Task directions:
Copy every record that appears below, exactly as it stands.

Dataset entries:
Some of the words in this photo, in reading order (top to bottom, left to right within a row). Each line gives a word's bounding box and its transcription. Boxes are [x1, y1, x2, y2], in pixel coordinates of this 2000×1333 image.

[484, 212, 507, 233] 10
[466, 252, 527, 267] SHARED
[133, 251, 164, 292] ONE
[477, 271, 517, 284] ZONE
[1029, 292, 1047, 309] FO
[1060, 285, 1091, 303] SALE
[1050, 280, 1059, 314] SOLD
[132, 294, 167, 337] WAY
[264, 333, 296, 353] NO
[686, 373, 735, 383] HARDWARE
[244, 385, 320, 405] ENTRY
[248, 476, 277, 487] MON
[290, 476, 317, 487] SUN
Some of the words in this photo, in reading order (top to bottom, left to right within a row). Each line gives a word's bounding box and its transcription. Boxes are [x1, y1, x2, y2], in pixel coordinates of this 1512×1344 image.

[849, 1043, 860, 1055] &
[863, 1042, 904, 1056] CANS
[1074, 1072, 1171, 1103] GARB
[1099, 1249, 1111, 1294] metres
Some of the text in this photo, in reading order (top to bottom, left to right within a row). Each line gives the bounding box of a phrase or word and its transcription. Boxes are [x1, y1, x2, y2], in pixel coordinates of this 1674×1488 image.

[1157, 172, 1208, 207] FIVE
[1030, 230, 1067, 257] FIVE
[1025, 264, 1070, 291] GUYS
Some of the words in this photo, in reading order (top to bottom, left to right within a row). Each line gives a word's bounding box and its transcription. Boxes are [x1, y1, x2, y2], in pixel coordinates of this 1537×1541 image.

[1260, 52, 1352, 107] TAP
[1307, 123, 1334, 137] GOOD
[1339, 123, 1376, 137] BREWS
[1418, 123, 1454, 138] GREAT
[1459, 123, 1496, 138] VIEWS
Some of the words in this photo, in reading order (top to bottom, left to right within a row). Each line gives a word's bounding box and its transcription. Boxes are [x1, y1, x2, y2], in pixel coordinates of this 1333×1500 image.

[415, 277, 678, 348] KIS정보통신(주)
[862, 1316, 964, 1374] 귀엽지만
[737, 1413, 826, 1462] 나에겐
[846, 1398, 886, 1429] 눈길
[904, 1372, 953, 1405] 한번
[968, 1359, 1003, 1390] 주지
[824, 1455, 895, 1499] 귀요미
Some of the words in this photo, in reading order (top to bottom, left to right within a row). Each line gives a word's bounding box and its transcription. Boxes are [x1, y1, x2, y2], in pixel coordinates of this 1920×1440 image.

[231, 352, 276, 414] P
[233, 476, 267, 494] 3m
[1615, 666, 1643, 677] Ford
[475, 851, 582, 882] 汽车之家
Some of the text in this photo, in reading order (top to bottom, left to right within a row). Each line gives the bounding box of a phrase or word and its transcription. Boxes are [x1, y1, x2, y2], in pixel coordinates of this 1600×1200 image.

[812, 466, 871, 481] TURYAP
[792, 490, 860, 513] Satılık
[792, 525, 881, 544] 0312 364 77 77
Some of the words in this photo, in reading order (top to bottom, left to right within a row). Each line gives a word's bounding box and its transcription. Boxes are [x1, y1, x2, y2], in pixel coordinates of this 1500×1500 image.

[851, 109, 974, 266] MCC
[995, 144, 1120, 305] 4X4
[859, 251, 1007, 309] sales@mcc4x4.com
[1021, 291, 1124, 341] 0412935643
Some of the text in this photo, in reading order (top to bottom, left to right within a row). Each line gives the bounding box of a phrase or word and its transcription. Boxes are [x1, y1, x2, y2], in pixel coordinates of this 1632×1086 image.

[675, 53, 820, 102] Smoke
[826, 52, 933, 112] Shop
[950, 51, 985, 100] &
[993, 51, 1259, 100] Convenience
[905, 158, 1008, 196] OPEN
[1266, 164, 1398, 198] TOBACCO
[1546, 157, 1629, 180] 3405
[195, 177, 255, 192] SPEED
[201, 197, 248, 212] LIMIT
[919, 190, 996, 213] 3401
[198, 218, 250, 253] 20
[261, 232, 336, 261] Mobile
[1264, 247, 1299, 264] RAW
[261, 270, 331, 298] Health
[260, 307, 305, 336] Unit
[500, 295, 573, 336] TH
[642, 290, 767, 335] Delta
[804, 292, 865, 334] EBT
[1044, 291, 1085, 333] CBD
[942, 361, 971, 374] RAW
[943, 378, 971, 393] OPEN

Exercise result:
Some of the words in this photo, in reading order (top to bottom, left to right within a row). Each line gives a word's bounding box and its transcription. Boxes are [x1, y1, x2, y2], in pixel coordinates of this 2000×1333 image.

[484, 212, 507, 233] 10
[466, 252, 527, 267] SHARED
[133, 251, 164, 292] ONE
[477, 271, 517, 284] ZONE
[1029, 292, 1047, 309] FO
[1060, 285, 1091, 303] SALE
[1050, 280, 1059, 314] SOLD
[132, 294, 167, 337] WAY
[264, 333, 296, 353] NO
[686, 373, 735, 383] HARDWARE
[244, 385, 320, 405] ENTRY
[248, 476, 277, 487] MON
[290, 476, 317, 487] SUN
Some of the words in this photo, in reading order (top to bottom, left to right within a row). Each line gives a word's bounding box and its transcription. Boxes are [x1, y1, x2, y2], in pixel coordinates of this 1512×1344 image.

[849, 1043, 860, 1055] &
[863, 1042, 904, 1056] CANS
[1074, 1072, 1171, 1103] GARB
[1099, 1249, 1111, 1294] metres
Some of the text in this photo, in reading order (top to bottom, left to right within a row). Each line gives the bounding box of a phrase or word and its transcription. Boxes are [x1, y1, x2, y2], in pixel coordinates of this 1674×1488 image.

[1157, 172, 1208, 207] FIVE
[1030, 230, 1067, 257] FIVE
[1025, 264, 1070, 291] GUYS
Some of the words in this photo, in reading order (top to bottom, left to right within a row). Each line gives a word's bounding box and its transcription. Boxes are [x1, y1, x2, y2], in pixel coordinates of this 1537×1541 image.

[1260, 52, 1352, 107] TAP
[1307, 123, 1334, 137] GOOD
[1339, 123, 1376, 137] BREWS
[1418, 123, 1454, 138] GREAT
[1459, 123, 1496, 138] VIEWS
Some of the words in this photo, in reading order (top to bottom, left to right within a row). Each line gives a word's bounding box and its transcription. Boxes are [x1, y1, x2, y2], in pixel coordinates of this 1333×1500 image.

[415, 277, 678, 348] KIS정보통신(주)
[862, 1316, 964, 1374] 귀엽지만
[737, 1413, 826, 1462] 나에겐
[846, 1398, 886, 1429] 눈길
[904, 1372, 953, 1405] 한번
[968, 1359, 1003, 1390] 주지
[824, 1455, 895, 1499] 귀요미
Some of the words in this photo, in reading order (top to bottom, left to right within a row). Each line gives a word's bounding box and its transcription. Boxes are [x1, y1, x2, y2], in pixel coordinates of this 1920×1440 image.

[231, 352, 276, 414] P
[233, 476, 267, 494] 3m
[1615, 666, 1643, 677] Ford
[475, 851, 582, 882] 汽车之家
Some of the text in this photo, in reading order (top to bottom, left to right within a row). Each line gives the bounding box of a phrase or word and its transcription. Boxes are [x1, y1, x2, y2], in pixel coordinates of this 1600×1200 image.

[812, 466, 871, 481] TURYAP
[792, 490, 860, 513] Satılık
[792, 525, 881, 544] 0312 364 77 77
Some of the words in this photo, in reading order (top to bottom, left to right within a row). Each line gives a word's bounding box and its transcription. Boxes are [x1, y1, x2, y2], in pixel coordinates of this 1500×1500 image.

[851, 109, 974, 266] MCC
[995, 144, 1120, 305] 4X4
[859, 251, 1007, 309] sales@mcc4x4.com
[1021, 291, 1124, 341] 0412935643
Some of the text in this photo, in reading order (top to bottom, left to right within a row). Each line gives the bounding box of a phrase or word and its transcription. Boxes are [x1, y1, x2, y2], in pixel coordinates of this 1632×1086 image.

[675, 53, 820, 102] Smoke
[826, 52, 933, 112] Shop
[950, 51, 985, 100] &
[993, 51, 1259, 100] Convenience
[905, 158, 1008, 196] OPEN
[1266, 164, 1398, 198] TOBACCO
[1546, 157, 1629, 180] 3405
[195, 177, 255, 192] SPEED
[201, 197, 248, 212] LIMIT
[919, 190, 996, 213] 3401
[198, 218, 250, 253] 20
[261, 232, 336, 261] Mobile
[1264, 247, 1299, 264] RAW
[261, 270, 331, 298] Health
[260, 307, 305, 336] Unit
[500, 295, 573, 336] TH
[642, 290, 767, 335] Delta
[804, 292, 865, 334] EBT
[1044, 291, 1085, 333] CBD
[942, 361, 971, 374] RAW
[943, 378, 971, 393] OPEN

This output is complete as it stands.